ACTIVITY: Exclude the pictures, then copy all remaining records exactly.
(EXCERPTED DATA Opens)
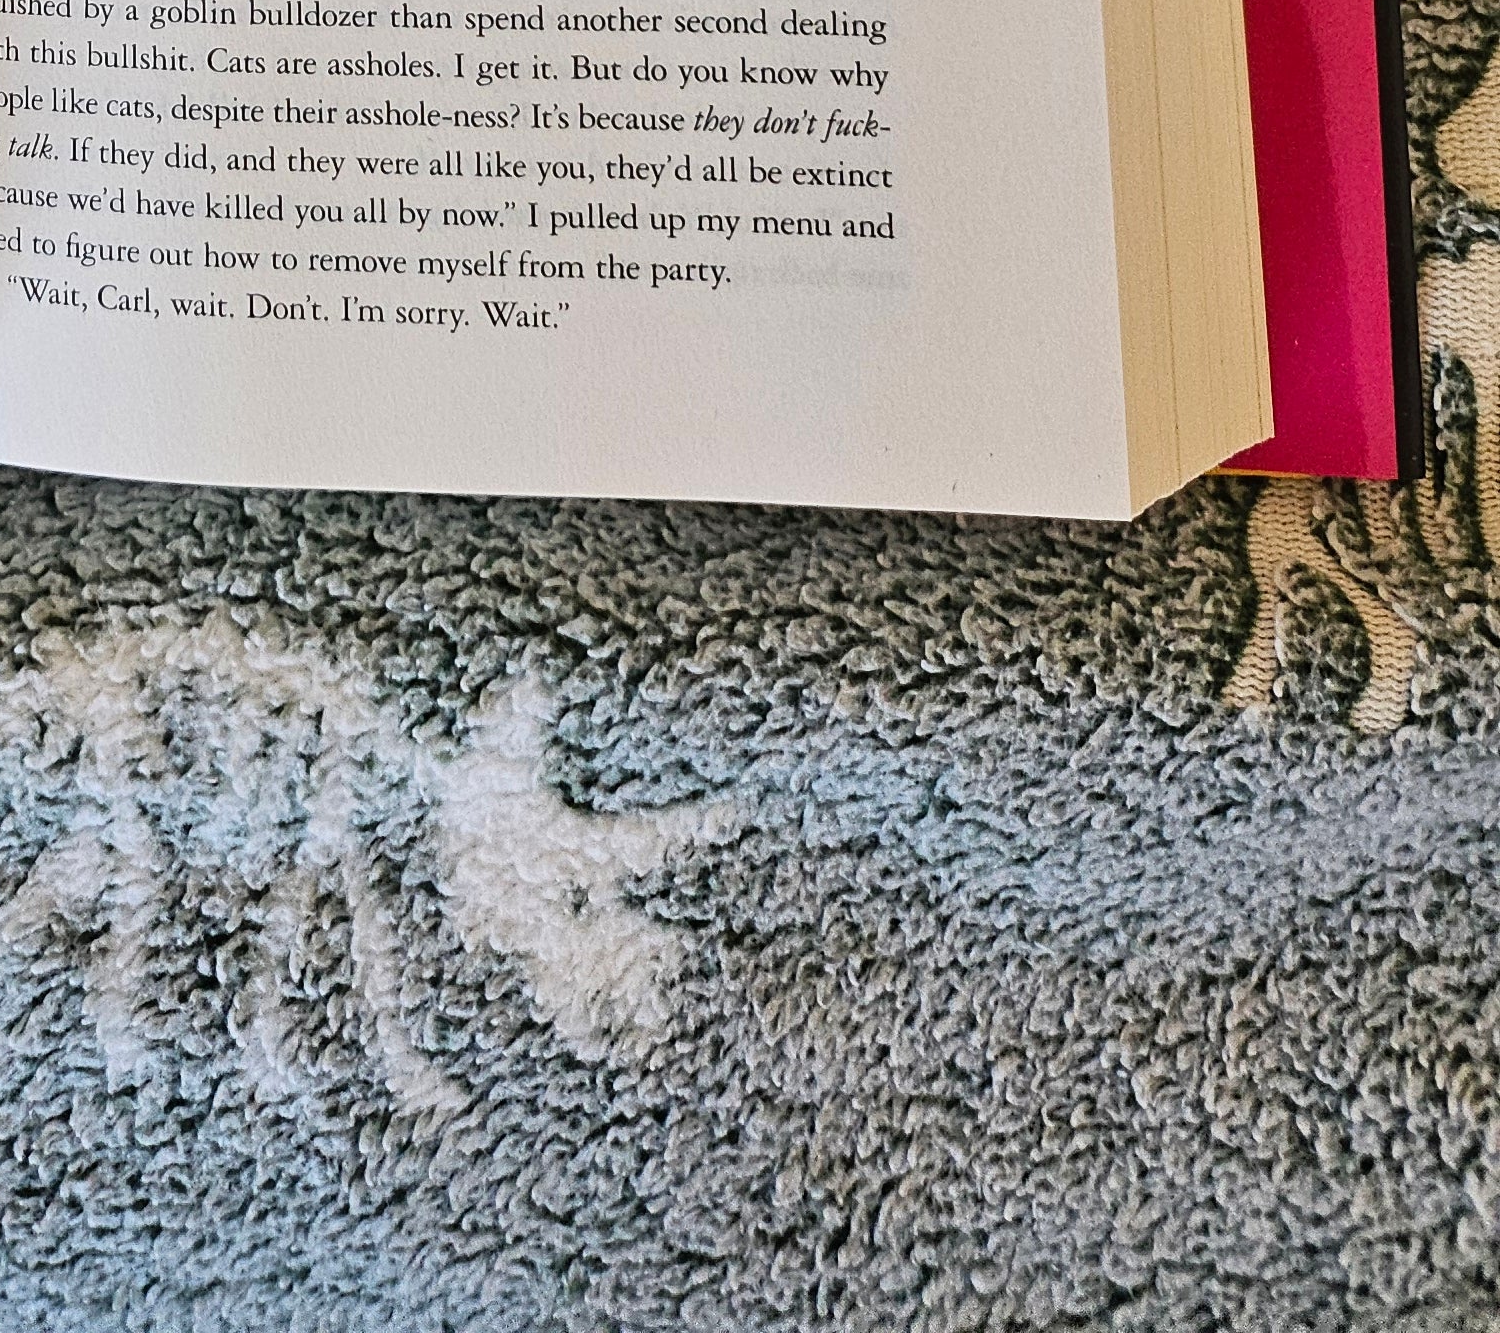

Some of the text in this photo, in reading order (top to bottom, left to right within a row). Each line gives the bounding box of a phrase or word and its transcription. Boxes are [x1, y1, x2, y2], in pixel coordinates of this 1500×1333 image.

[33, 236, 55, 256] to
[66, 232, 139, 267] figure
[150, 248, 193, 266] out
[204, 242, 260, 270] how
[271, 252, 297, 270] to
[309, 254, 406, 273] remove
[418, 250, 511, 283] myself
[518, 250, 585, 279] from
[596, 253, 640, 280] the
[650, 263, 731, 290] party.
[98, 285, 159, 319] Carl,
[170, 292, 234, 318] wait.
[396, 306, 469, 333] sorry.
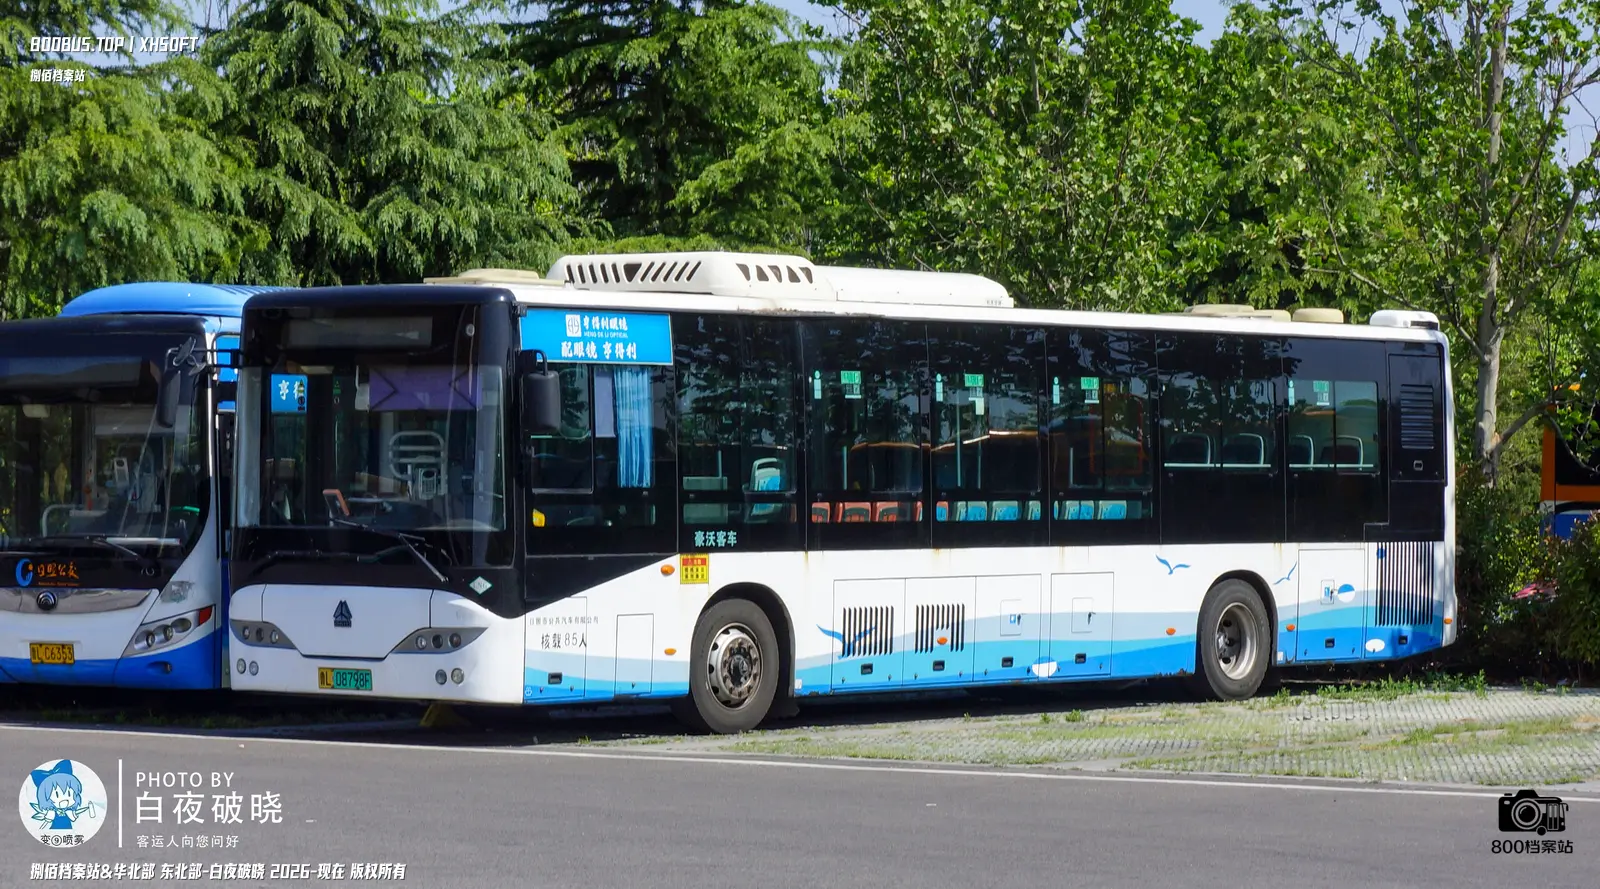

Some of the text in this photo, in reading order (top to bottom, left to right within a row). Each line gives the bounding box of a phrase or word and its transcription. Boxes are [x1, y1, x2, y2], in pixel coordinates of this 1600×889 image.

[561, 341, 636, 360] 配眼镜 亨得利
[694, 530, 738, 547] 豪沃客车
[541, 632, 587, 649] 核载85人
(EXCERPTED DATA Closes)
ANSWER FOR THE TASK:
Some of the text in this photo, in reading order (top to bottom, left to right within a row). Each line gives the bounding box of a phrase or word and its transcription. Boxes are [x1, y1, x2, y2], in pixel coordinates of this 1500×1333 image.

[33, 236, 55, 256] to
[66, 232, 139, 267] figure
[150, 248, 193, 266] out
[204, 242, 260, 270] how
[271, 252, 297, 270] to
[309, 254, 406, 273] remove
[418, 250, 511, 283] myself
[518, 250, 585, 279] from
[596, 253, 640, 280] the
[650, 263, 731, 290] party.
[98, 285, 159, 319] Carl,
[170, 292, 234, 318] wait.
[396, 306, 469, 333] sorry.

Some of the text in this photo, in reading order (top to bottom, left to right within a row). Each line gives the bounding box of a phrase or word and its transcription. Boxes are [x1, y1, x2, y2], in pixel coordinates of this 1600×889 image.

[561, 341, 636, 360] 配眼镜 亨得利
[694, 530, 738, 547] 豪沃客车
[541, 632, 587, 649] 核载85人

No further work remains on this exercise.